:: YOUR ASSIGNMENT ::
Reproduce exactly, with no other output, every line of the data below from the line containing "this 1280×1280 image." to the end, inclusive.

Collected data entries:

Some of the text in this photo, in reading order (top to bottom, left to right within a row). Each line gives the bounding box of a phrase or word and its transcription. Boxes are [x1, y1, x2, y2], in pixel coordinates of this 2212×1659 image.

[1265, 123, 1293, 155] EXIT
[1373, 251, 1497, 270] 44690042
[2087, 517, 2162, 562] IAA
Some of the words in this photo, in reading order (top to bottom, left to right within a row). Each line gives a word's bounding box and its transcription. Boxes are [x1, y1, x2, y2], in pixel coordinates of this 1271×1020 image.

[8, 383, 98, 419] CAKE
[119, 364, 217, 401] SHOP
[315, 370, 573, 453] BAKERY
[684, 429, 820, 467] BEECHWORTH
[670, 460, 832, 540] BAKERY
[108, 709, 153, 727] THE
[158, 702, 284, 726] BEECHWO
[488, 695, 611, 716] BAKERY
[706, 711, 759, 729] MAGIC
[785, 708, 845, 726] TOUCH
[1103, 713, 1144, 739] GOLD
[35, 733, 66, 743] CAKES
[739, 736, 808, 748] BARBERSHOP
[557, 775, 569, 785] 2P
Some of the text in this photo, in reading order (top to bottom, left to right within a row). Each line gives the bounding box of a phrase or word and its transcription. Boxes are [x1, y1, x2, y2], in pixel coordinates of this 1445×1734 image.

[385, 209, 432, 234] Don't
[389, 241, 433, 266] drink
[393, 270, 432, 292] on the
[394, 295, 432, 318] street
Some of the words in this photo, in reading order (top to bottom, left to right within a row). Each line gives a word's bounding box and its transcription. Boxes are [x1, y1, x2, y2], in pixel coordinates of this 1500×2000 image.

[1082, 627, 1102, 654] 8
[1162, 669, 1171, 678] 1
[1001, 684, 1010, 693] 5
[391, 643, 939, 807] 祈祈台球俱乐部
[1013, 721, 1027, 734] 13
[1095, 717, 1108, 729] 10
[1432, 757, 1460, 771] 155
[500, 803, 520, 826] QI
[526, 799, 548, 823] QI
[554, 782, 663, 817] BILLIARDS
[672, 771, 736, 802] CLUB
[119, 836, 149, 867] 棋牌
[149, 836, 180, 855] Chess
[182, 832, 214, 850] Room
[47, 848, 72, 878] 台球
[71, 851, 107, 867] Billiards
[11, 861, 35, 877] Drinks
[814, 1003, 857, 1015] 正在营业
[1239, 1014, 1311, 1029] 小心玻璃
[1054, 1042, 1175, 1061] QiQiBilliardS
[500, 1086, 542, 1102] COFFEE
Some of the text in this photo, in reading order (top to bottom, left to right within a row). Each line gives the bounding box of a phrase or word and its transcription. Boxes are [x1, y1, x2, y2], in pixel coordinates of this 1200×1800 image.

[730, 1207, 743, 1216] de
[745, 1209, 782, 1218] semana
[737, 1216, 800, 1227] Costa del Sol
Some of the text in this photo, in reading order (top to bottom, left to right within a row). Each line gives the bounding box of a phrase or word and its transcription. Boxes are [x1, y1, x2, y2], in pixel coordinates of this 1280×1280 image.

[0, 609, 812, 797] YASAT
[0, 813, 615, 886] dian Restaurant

:: OUTPUT OF THE TASK ::
Some of the text in this photo, in reading order (top to bottom, left to right within a row). Each line gives the bounding box of a phrase or word and its transcription. Boxes are [x1, y1, x2, y2], in pixel coordinates of this 1280×1280 image.

[0, 609, 812, 797] YASAT
[0, 813, 615, 886] dian Restaurant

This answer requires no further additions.